Perhaps we can assume that a being capable of understanding not just their asset’s advantage, but what the asset means for it, is to imply that the genetic body of the hare is interpreted and communicated to other animals by a being that can experience itself.

The hare capable of interpreting and communicating itself must recognize the significance of itself in sustaining its life. We suppose that the hare has not just experienced life but is capable of commuting its interpretations into actions fundamentally significant to its survival, e.g. signaling the fox. The hare is striving to exist, and so it is exercising a creative faculty to mediate itself with the environment.

To account for the experiential and concomitant existential[2] questions that would crop up if Hoffmeyer and Co.[3] had their way, I sketch in the sand existential biosemiotics (EBS) to take up the burden.
           
What Existential Biosemiotics offers:

The overt task for existential biosemiotics is to extend semiotic theory, or the study of signs—“things that refer to something else”—into the domain of experience. We may formulate this project to coincide Merleau-Ponty’s phenomenology with scientific knowledge under a common metalanguage. Hoffmeyer lobs us a notion of biological referentiality to organize the analyses of the organism’s relation to itself. In the case of the hare above, the hare’s reference to itself is tickled by a suppression of its internal or bodily ability to run (which it is genetically equipped to do well) in light of an external threat.

If we take seriously a creative faculty in the animal, then there is, in the fabric of experience, certain semiotic weights that give it shape. The EBStian would deal with identifying the significant[4] structure underlying shaped experience. In other words, how a bundle of signs (e.g. a predator, a potential mate, a hare’s leg, the arrangement of a room) designs the world of the experiencing organism, or á la Hoffmeyer, how the “ubiquitous intentionality of communicative behavior” is articulated, and how these decisions that govern the total and embodied experience of the creature (e.g. run very fast, a sense of peace in a clean room) have a conjugate physical response (e.g. mad adrenaline rushes through the prairie, muscular relaxation etc.) and vice versa (how does a particular space become associated with my impressions of it, my gut feeling, etc.?).
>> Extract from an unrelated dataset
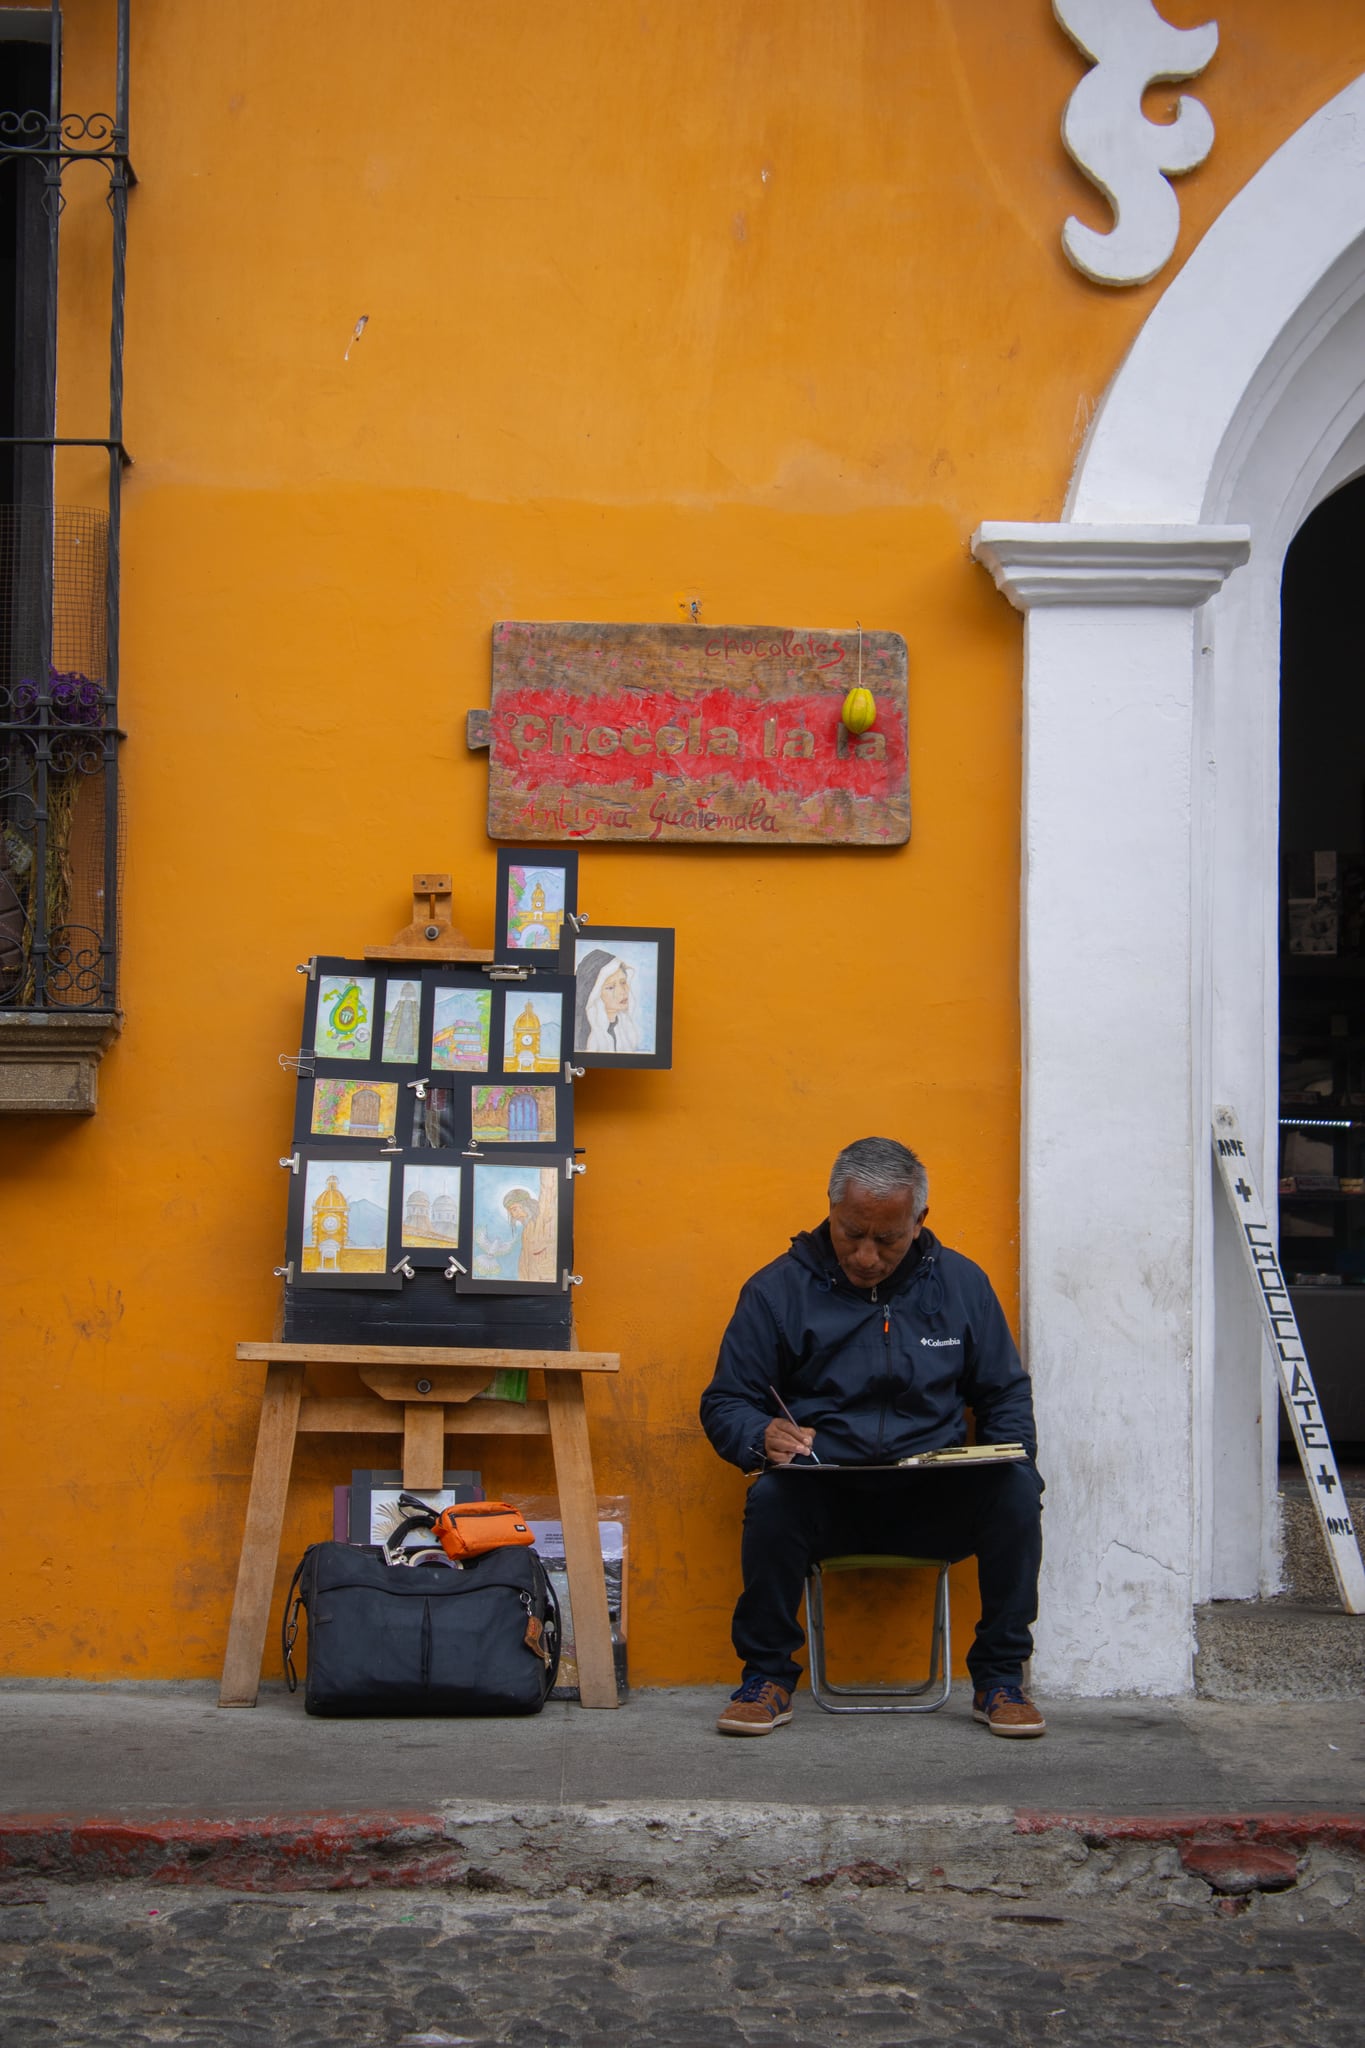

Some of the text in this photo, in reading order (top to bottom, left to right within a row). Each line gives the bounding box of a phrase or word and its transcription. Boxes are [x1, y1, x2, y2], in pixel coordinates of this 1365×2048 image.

[704, 629, 845, 669] chocolates
[503, 710, 888, 762] Chocola la la
[512, 791, 780, 841] Antigua Guatemala
[927, 1338, 961, 1347] Columbia
The biosemiotician in this scope hopes to demonstrate that communicative and behavioral similarities between organisms enriches approaches to interact, understand, and imagine the biological sciences.


Matthew Cuffaro is a philosophy student at the University of South Florida with a concentration in the philosophies of mathematics and religious studies. 



[1] Conway’s Game of Life, for instance, illustrates evolutionary “life” as a series of small-order recursive processes that, with special initial states and a sufficient run-time, can construct superstructures that remind us of genetic transcriptions. Check it out here.
[2] Mind you, “existential” here brackets the organism’s self-consciousness of mortality; “There, organisms never ‘try to survive’–for the simple reason that they cannot know they are going to die.” Instead, viz. generalize “existential” to the organism by its own presumed agency making decisions not to avoid death but to continue life.
[3] Biosemioticians such as Emmeche, Merrill, Rigby, Seboek, Uexkill, &c.
[4] Pertaining to signs. Semiotics may be argued as a science that identifies the significant aspects in a scene caveat emptor, tread lightly.